The required output is the line containing "this 1600×1200 image." and every line after it, transcribed exactly through the end of the data below.

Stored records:
══════════════════════════════
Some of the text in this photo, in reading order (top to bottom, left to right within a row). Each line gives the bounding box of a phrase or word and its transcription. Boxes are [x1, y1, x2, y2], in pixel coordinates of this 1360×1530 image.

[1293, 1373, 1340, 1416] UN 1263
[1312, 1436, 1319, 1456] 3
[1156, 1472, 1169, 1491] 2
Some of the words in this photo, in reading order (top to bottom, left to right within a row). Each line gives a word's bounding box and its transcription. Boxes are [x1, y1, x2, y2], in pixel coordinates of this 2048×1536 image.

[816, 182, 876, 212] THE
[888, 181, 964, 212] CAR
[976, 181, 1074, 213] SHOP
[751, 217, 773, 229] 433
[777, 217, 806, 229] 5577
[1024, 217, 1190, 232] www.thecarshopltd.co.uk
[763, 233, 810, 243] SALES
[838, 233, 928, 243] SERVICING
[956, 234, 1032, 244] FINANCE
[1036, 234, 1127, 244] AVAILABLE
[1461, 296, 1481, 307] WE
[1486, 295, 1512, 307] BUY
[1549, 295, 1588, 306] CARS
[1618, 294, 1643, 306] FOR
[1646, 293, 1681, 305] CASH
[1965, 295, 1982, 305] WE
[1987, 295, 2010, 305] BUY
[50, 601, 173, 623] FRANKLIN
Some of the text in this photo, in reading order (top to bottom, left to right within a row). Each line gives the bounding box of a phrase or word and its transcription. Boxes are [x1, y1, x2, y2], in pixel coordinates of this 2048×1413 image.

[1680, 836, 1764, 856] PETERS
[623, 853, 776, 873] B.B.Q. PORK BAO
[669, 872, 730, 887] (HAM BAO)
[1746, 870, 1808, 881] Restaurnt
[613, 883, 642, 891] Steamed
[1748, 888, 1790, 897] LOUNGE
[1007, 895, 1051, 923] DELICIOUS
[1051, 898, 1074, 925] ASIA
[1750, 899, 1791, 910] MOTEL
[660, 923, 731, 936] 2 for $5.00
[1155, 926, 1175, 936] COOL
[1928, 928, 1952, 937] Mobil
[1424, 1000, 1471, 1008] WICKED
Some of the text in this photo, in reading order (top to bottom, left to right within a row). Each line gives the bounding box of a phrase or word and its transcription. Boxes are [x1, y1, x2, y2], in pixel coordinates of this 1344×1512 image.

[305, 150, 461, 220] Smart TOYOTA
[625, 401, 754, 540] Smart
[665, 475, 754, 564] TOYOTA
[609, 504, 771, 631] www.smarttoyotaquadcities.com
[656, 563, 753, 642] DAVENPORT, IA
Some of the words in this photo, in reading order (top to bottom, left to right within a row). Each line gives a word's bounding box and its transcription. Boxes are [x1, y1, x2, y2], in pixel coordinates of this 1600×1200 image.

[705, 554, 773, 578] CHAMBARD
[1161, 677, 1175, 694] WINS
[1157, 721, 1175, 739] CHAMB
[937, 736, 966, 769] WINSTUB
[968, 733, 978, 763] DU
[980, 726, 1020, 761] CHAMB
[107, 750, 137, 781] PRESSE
══════════════════════════════
Solution to this exercise:
Some of the words in this photo, in reading order (top to bottom, left to right within a row). Each line gives a word's bounding box and its transcription. Boxes are [x1, y1, x2, y2], in pixel coordinates of this 1600×1200 image.

[705, 554, 773, 578] CHAMBARD
[1161, 677, 1175, 694] WINS
[1157, 721, 1175, 739] CHAMB
[937, 736, 966, 769] WINSTUB
[968, 733, 978, 763] DU
[980, 726, 1020, 761] CHAMB
[107, 750, 137, 781] PRESSE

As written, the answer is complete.